Burning Paradise follows Cassie Klyne and various members of her family, who are members of a secret organisation that knows the truth about humanity’s history. They are in hiding; since Cassie’s parents and many more Society members have been killed for this knowledge, and it seems like a new round of killings is about to begin.
This book takes an interesting premise – a spacefaring alien hivemind has been subtly influencing human affairs, resulting in an alternate history where World War I never happened – and transforms it into an incredibly dull book. The characters are flat, and what personality they do display is unlikeable or some flavour of paranoid. The central conflict makes no sense; the human characters seem superfluous to the plot. The ending seems to have been intended to pack an emotional punch, but it just came across as nonsensical to me.
The aliens are supposedly intelligent but lack self consciousness (despite its ability to interfere with human communication with specific agendas and its ability to control human avatars that are indistinguishable from natural humans) – this is taken for granted and constantly touted by the scientist protagonist. Since this distinction is emphasised so much, and I figured a scientist wouldn’t be so certain about the nature of sentience so easily, I expected something to come of it, but all it seems to do is be a plot device to dehumanise the aliens to justify the characters’ hatred.

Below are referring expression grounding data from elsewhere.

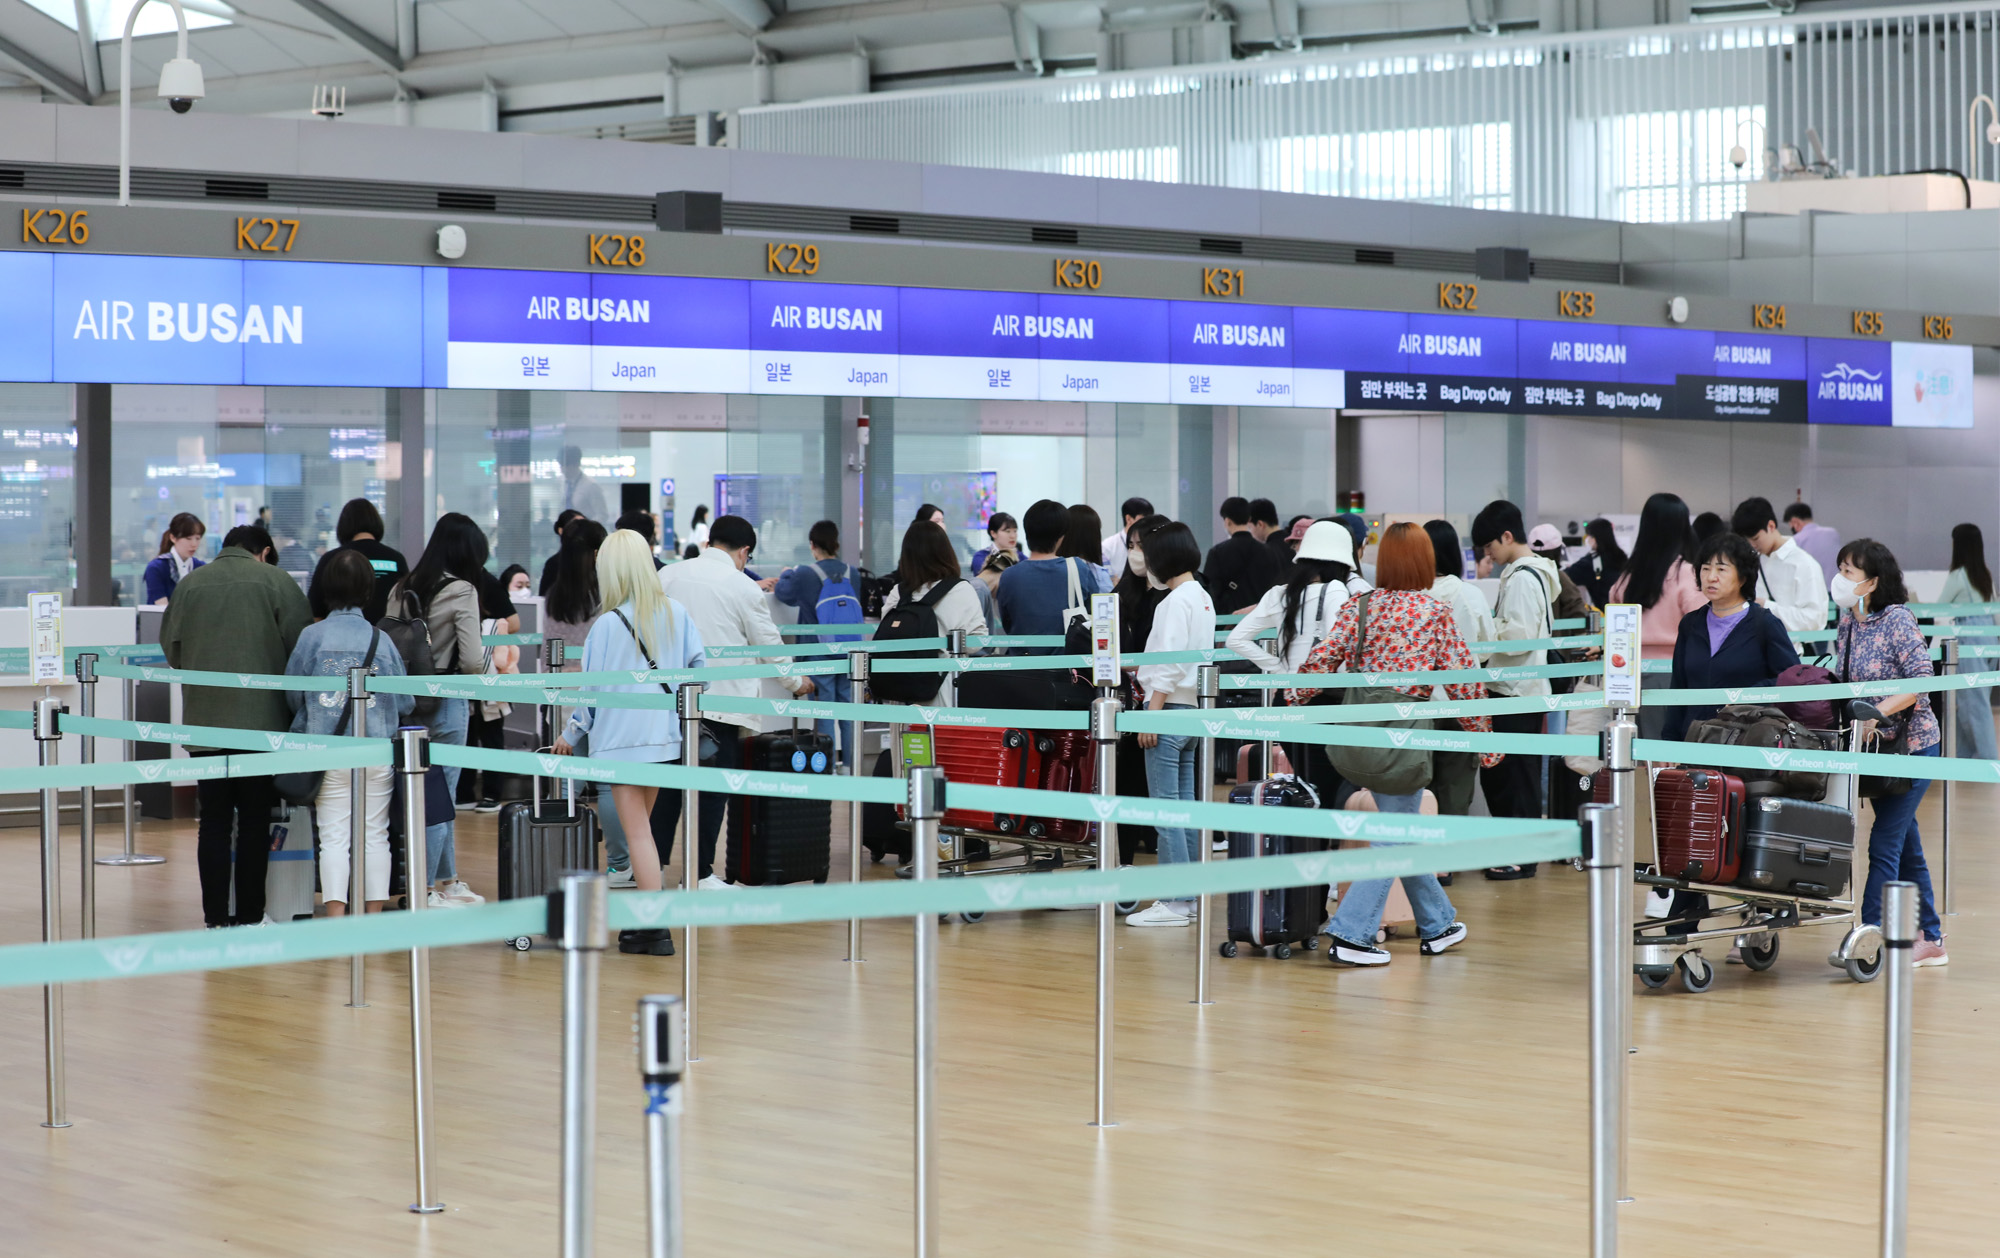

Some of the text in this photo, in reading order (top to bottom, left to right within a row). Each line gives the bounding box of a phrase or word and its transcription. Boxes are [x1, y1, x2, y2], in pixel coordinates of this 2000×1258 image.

[22, 208, 90, 245] K26
[236, 216, 300, 252] K27
[589, 233, 647, 267] K28
[768, 242, 820, 275] K29
[1055, 258, 1103, 289] K30
[1204, 267, 1244, 297] K31
[1439, 281, 1478, 311] K32
[1559, 290, 1596, 318] K33
[527, 296, 650, 323] AIR BUSAN
[770, 305, 882, 331] AIR BUSAN
[1754, 303, 1787, 329] K34
[73, 300, 303, 344] AIR BUSAN
[992, 314, 1094, 339] AIR BUSAN
[1853, 310, 1884, 335] K35
[1924, 315, 1953, 339] K36
[1193, 323, 1285, 347] AIR BUSAN
[1398, 333, 1482, 357] AIR BUSAN
[1550, 342, 1627, 364] AIR BUSAN
[1713, 345, 1771, 365] AIR BUSAN
[521, 356, 550, 377] 일본
[612, 361, 656, 381] Japan
[765, 362, 792, 382] 일본
[848, 368, 888, 387] Japan
[987, 369, 1011, 388] 일본
[1062, 374, 1099, 392] Japan
[1189, 375, 1211, 393] 일본
[1256, 380, 1290, 397] Japan
[1361, 380, 1427, 401] 짐만 부치는 곳
[1440, 385, 1511, 405] Bag Drop Only
[1524, 386, 1585, 406] 짐만 부치는 곳
[1818, 381, 1883, 402] AIR BUSAN
[1596, 391, 1662, 411] Bag Drop Only
[793, 665, 835, 674] Incheon Airport
[994, 661, 1011, 669] Airport
[1521, 670, 1538, 678] Airport
[524, 679, 546, 687] Airport
[674, 673, 694, 682] Airport
[1271, 679, 1290, 687] Airport
[440, 687, 476, 697] Incheon Airport
[579, 697, 597, 705] Airport
[1762, 692, 1780, 701] Airport
[789, 706, 833, 717] Incheon Airport
[1414, 707, 1460, 716] Incheon Airport
[1561, 698, 1603, 707] Incheon Airport
[938, 714, 986, 724] Incheon Airport
[152, 730, 191, 742] Incheon Airport
[1225, 727, 1280, 738] Incheon Airport
[284, 741, 306, 750] Incheon
[1411, 737, 1470, 749] Incheon Airport
[167, 764, 241, 777] Incheon Airport
[560, 764, 615, 779] Incheon Airport
[1789, 757, 1858, 771] Incheon Airport
[747, 780, 808, 795] Incheon Airport
[1118, 807, 1191, 824] Incheon Airport
[1364, 822, 1447, 839] Incheon Airport

The other significant thing I disliked about this book was its portrayal of humanity as chomping at the bit to go to war, stopped only by missing telegrams and edited messages. I found it implausible and incredibly pessimistic. This view of humanity seems to carry to the individuals in this book too – like I mentioned, they were bland/boring at best and paranoid and unlikable at worst. Burning Paradise wasn’t a pleasant book to read, and it didn’t have anything else to redeem it, either.